> _ACTIVITY_
Please reproduce all of the data exactly as it appears, but skip the pictures.

> _LISTED RECORDS_
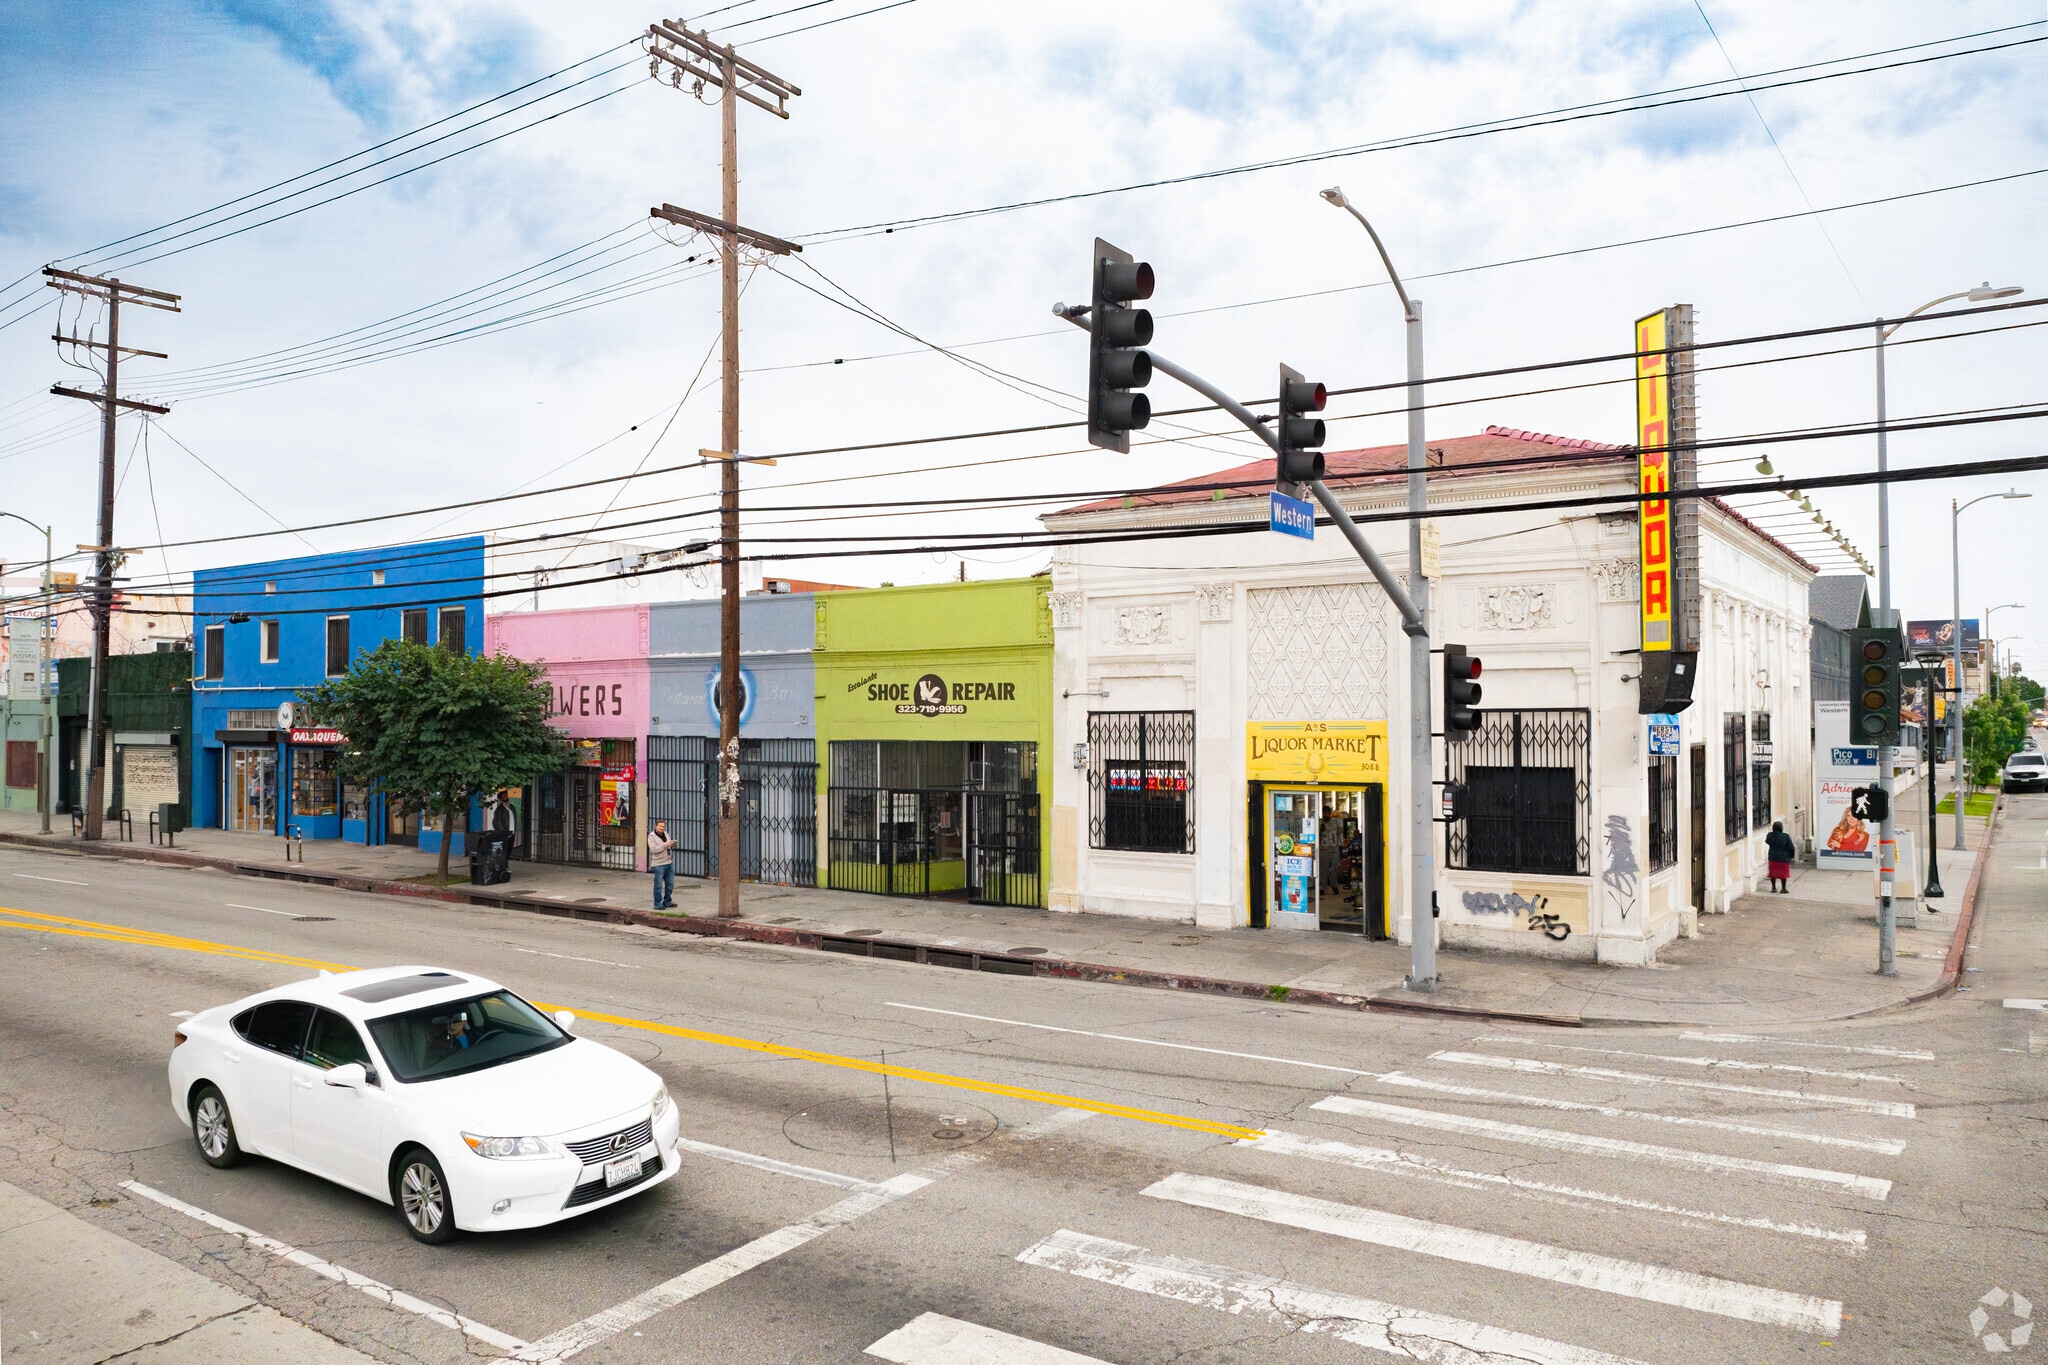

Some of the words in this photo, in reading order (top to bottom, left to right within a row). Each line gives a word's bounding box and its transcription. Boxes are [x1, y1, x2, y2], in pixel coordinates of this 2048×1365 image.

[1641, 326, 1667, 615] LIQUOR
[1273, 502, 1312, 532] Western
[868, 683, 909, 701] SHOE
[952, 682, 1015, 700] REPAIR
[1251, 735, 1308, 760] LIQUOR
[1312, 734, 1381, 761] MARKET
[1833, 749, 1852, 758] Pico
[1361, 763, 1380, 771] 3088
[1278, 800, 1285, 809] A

> _RESULT BELOW_
Some of the words in this photo, in reading order (top to bottom, left to right within a row). Each line gives a word's bounding box and its transcription. Boxes are [x1, y1, x2, y2], in pixel coordinates of this 2048×1365 image.

[1641, 326, 1667, 615] LIQUOR
[1273, 502, 1312, 532] Western
[868, 683, 909, 701] SHOE
[952, 682, 1015, 700] REPAIR
[1251, 735, 1308, 760] LIQUOR
[1312, 734, 1381, 761] MARKET
[1833, 749, 1852, 758] Pico
[1361, 763, 1380, 771] 3088
[1278, 800, 1285, 809] A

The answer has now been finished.